I’m going to say Tyler Bozak, because if I don’t, I’m scared I may be driven off in a van by angry commenters. But seriously, I was a big fan of Peter Holland’s game tonight. Just seven shifts in the third period and overtime, but he made a great setup on Kulemin’s goal and his line was buzzing early on in the game. The Leafs out-shot the Sabres 12-5 with him on the ice and he made himself visible offensively.
NUMB3RS AND NOTES
Here’s the Fenwick Graph:
Pretty even game, as said. Probably tougher on the schedule for the Sabres, but the Leafs have now won three straight with their dressing room ravaged by a deadly virus that will kill off members of the team one-by-one unless Dion Phaneuf’s father-in-law is able to stop it.

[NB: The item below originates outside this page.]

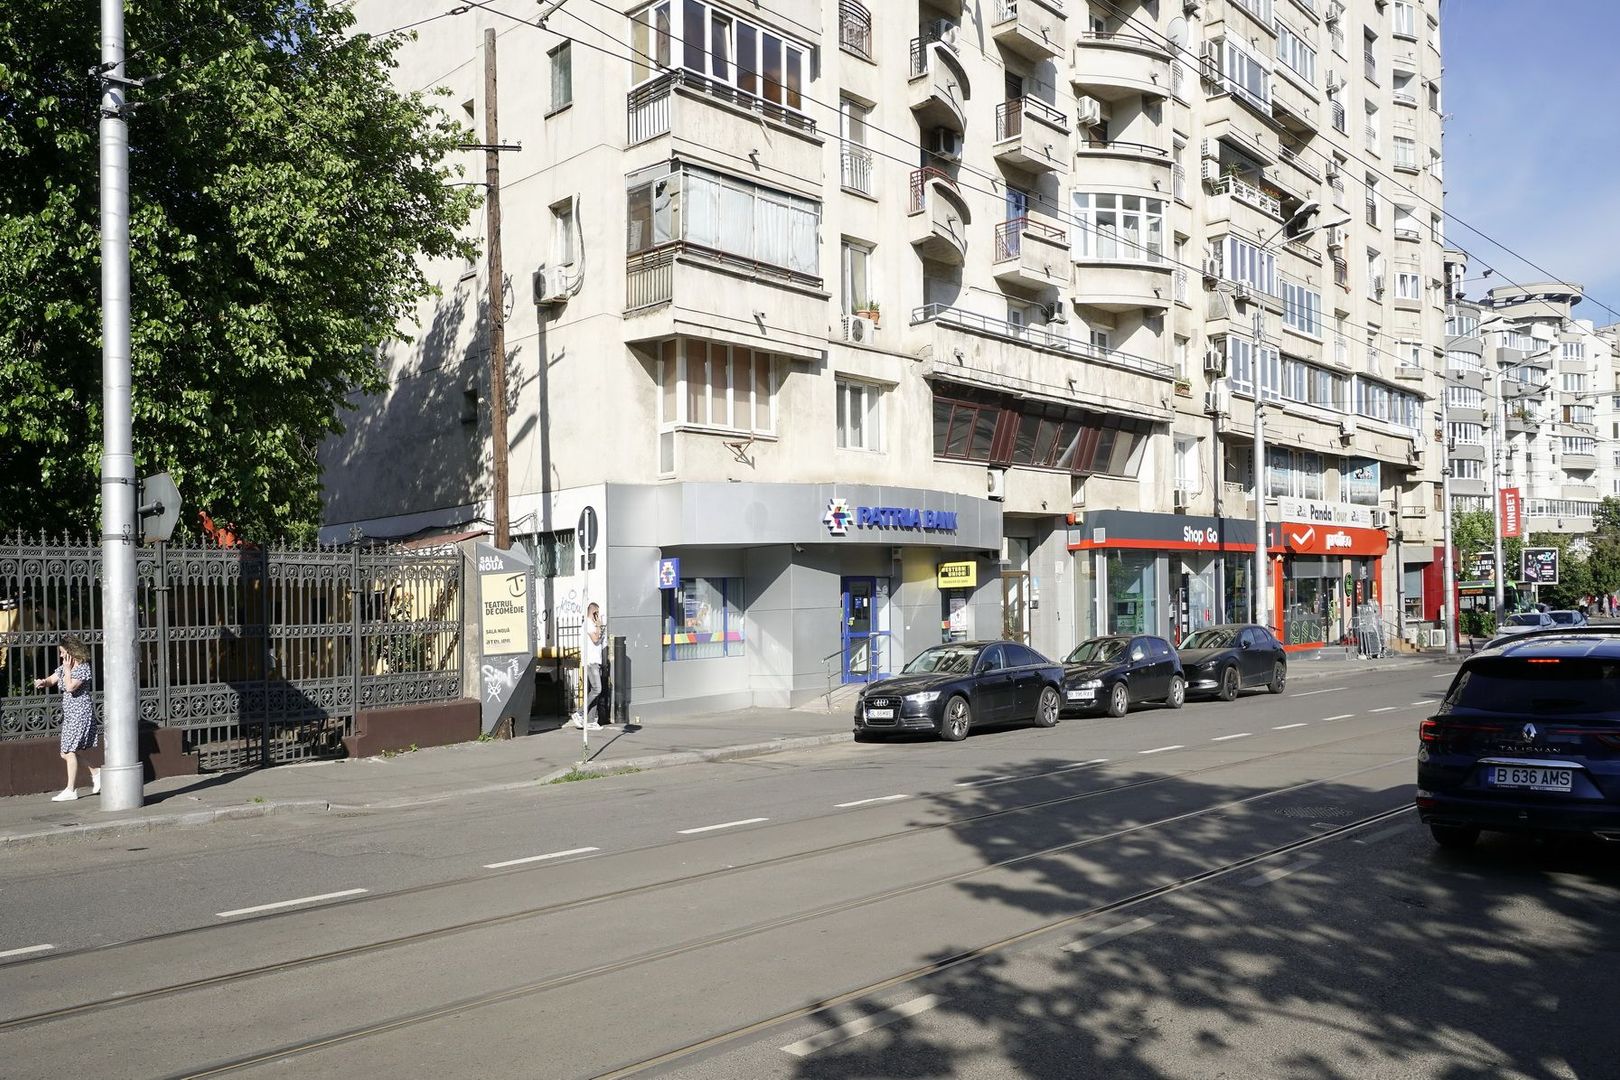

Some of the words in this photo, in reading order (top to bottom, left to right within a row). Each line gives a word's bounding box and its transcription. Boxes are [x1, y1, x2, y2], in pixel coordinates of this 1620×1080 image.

Wait, I think that’s the plot of the first season of 24. Or the third season. Only bit of Sabres dominance came right at the start of the second. Game page at Extra Skater here.
- Van Riemsdyk, Bozak and Kessel were the best line Corsi-wise at +8, +6 and +6 respectively. Ray Ferraro brought up that Nazem Kadri’s line was being out-played by the Holland line at the midway point in the game and the data bears that out. Joffrey Lupul was a team-low minus-10 in Corsi and Kadri wasn’t far behind at minus-9. The Sabres weren’t able to turn that zone time into a goal, however.
- Every time I watch the Sabres, the more impressed I am by Zemgus Girgensons, and the more convinced I am that he’ll be the centrepiece of the Sabres team when it becomes good again. He crushed it in possession tonight against Kadri’s line and had six shots on net in nearly 19 minutes of 5-on-5 minutes.
- It also tickles me the Sabres have both a Zemgus and a Zenon.
- Dion Phaneuf’s job was to see to it that Hodgson’s line didn’t generate much offensively. I guess you can say he did okay at that. Hodgon was out-Corsi’d 11-14 and Steve Ott was just 12-18.
- Big game for Tim Gleason again, too. Was a +10 Corsi, leading all Leafs (22 shot attempts for and 12 against) despite a team-high 12 defensive zone starts (9 starts in the offensive zone). He was matched up against Tyler Ennis, Matt Moulson and Drew Stafford, and the only real chance that line had came off the Cody Franson turnover in the second period right before the Moulson goal.
- The Maple Leafs are now on pace for 103 points per 82 games in games they do not fight. They are on pace for 71 points per 82 games in games they do fight. Let’s stop pretending Colt Knorr needs an everyday roster spot.